Provided information:
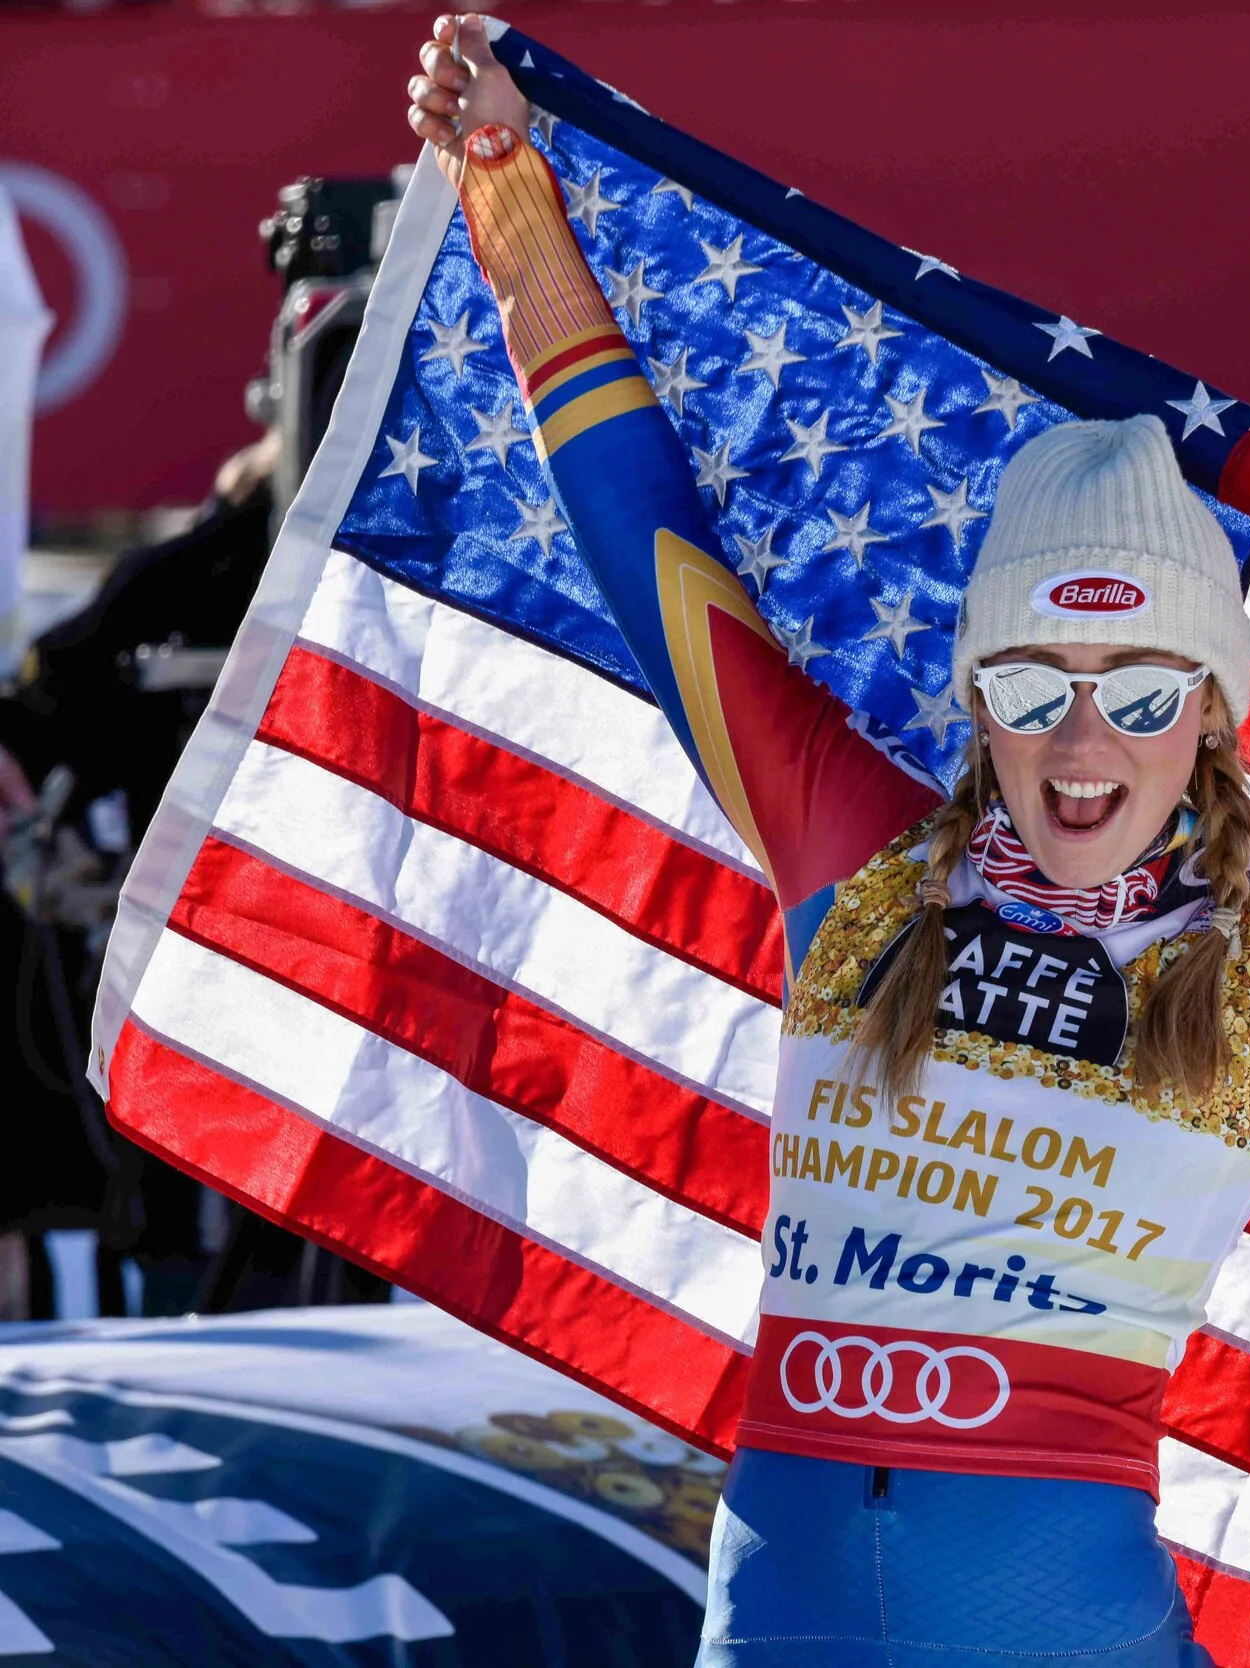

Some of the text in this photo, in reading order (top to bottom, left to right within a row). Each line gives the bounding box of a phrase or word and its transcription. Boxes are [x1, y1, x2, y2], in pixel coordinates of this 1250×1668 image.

[1059, 584, 1138, 605] Barilla
[1000, 905, 1057, 931] Emmi
[944, 927, 1103, 1004] AFFÈ
[937, 978, 1088, 1048] ATTE
[808, 1079, 1116, 1188] FIS SLALOM
[773, 1132, 1166, 1261] CHAMPION 2017
[770, 1215, 818, 1285] St.
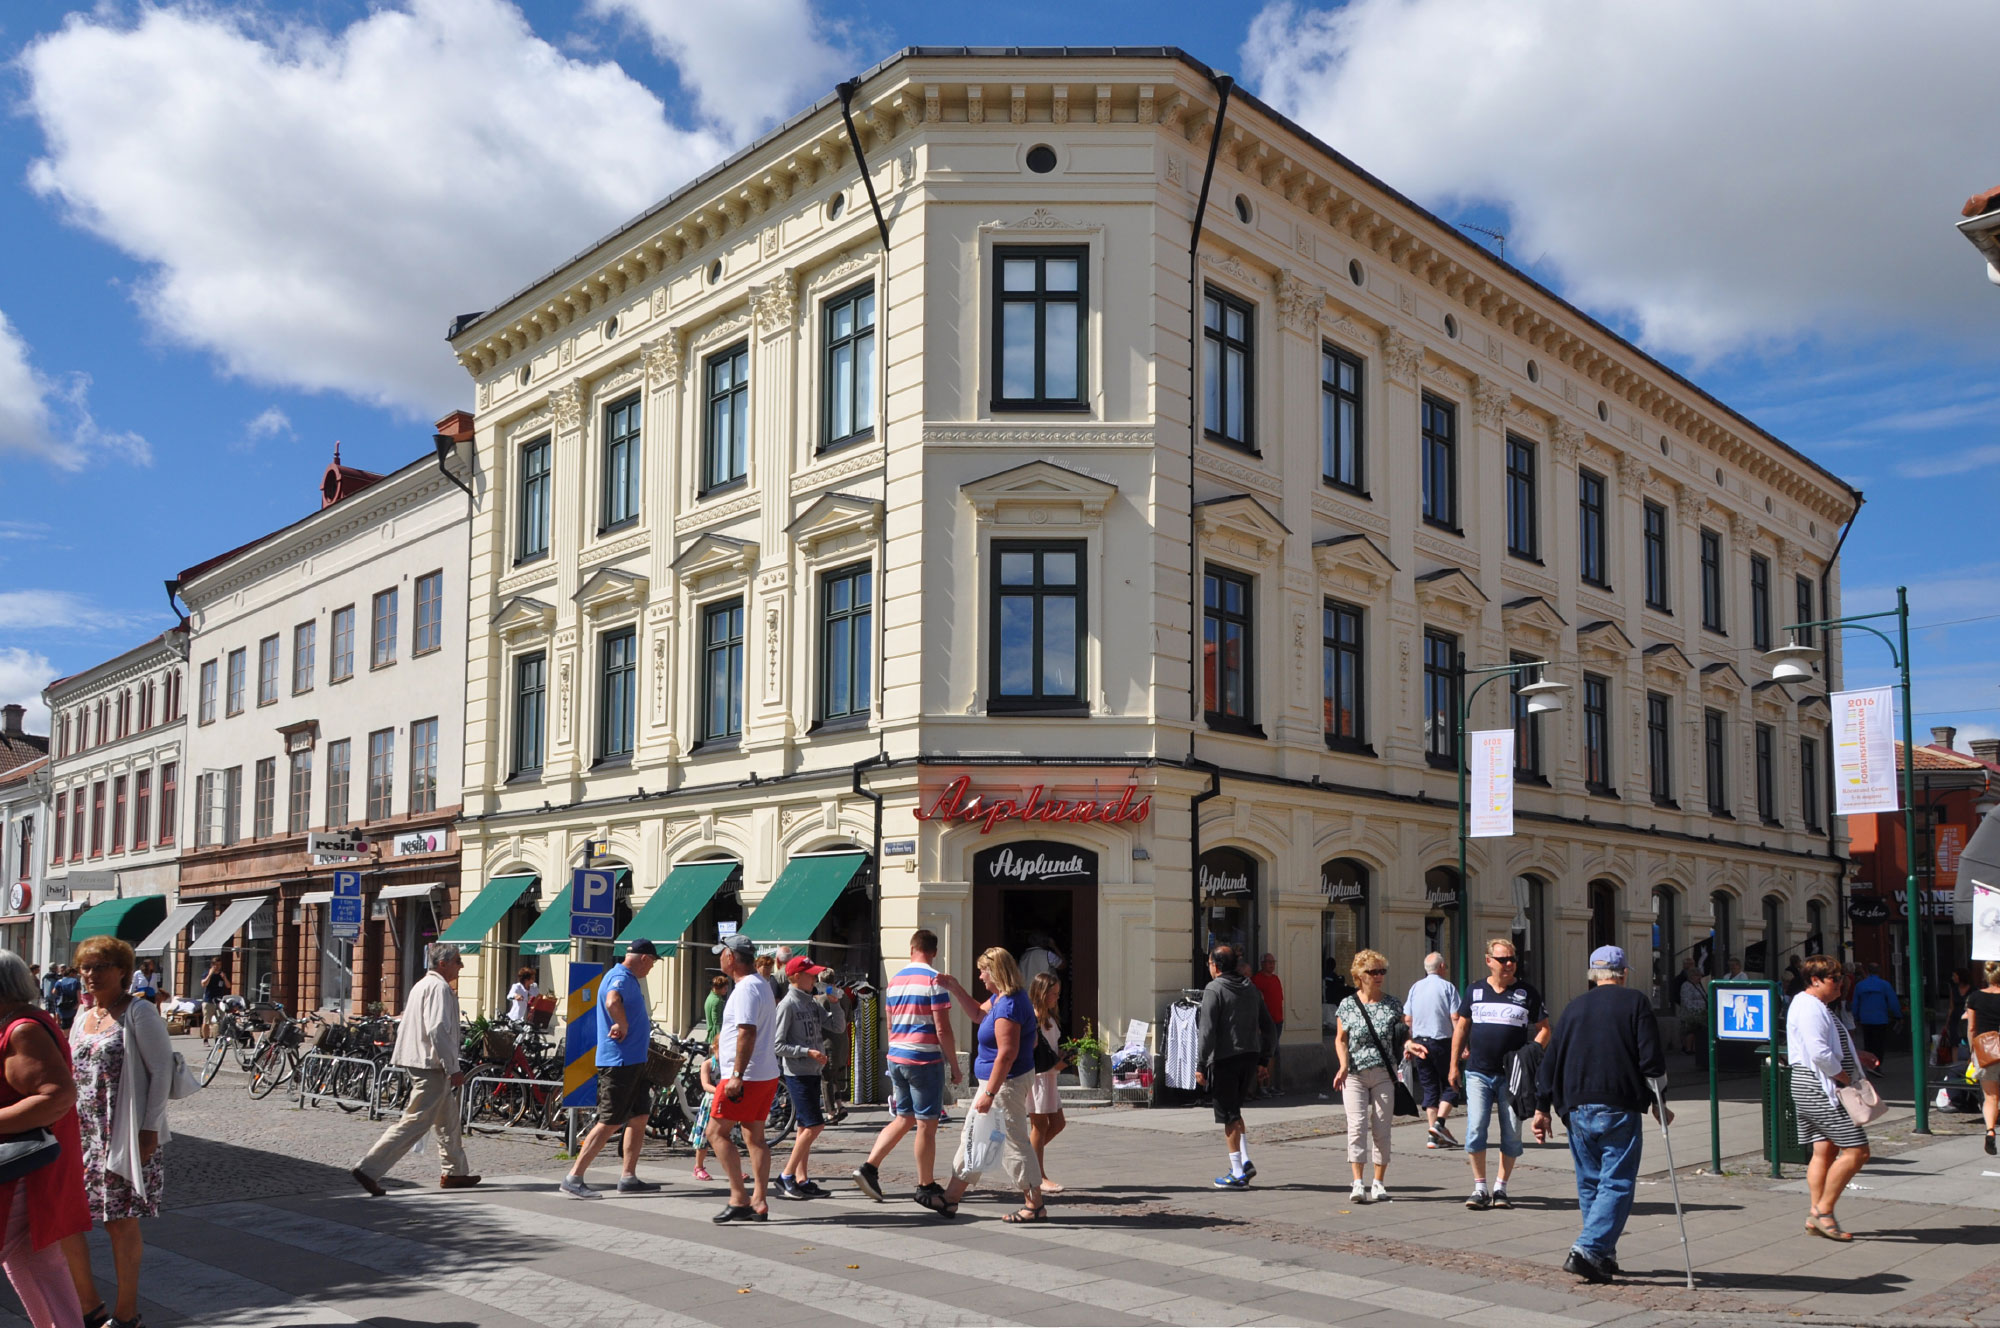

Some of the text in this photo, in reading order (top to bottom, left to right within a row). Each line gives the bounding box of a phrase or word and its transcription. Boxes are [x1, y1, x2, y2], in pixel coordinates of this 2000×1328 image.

Activity: The copy you write must hold every record verbatim and none of the pictures.

Answer to the exercise:
Some of the text in this photo, in reading order (top to bottom, left to right within a row). Each line gives the bounding box of a phrase or word and its transcription. Boxes are [x1, y1, x2, y2], in pixel coordinates of this 1250×1668 image.

[1059, 584, 1138, 605] Barilla
[1000, 905, 1057, 931] Emmi
[944, 927, 1103, 1004] AFFÈ
[937, 978, 1088, 1048] ATTE
[808, 1079, 1116, 1188] FIS SLALOM
[773, 1132, 1166, 1261] CHAMPION 2017
[770, 1215, 818, 1285] St.

Some of the text in this photo, in reading order (top to bottom, left to right within a row). Each line gives the bounding box of a phrase or word and its transcription. Boxes are [x1, y1, x2, y2], in pixel coordinates of this 2000×1328 image.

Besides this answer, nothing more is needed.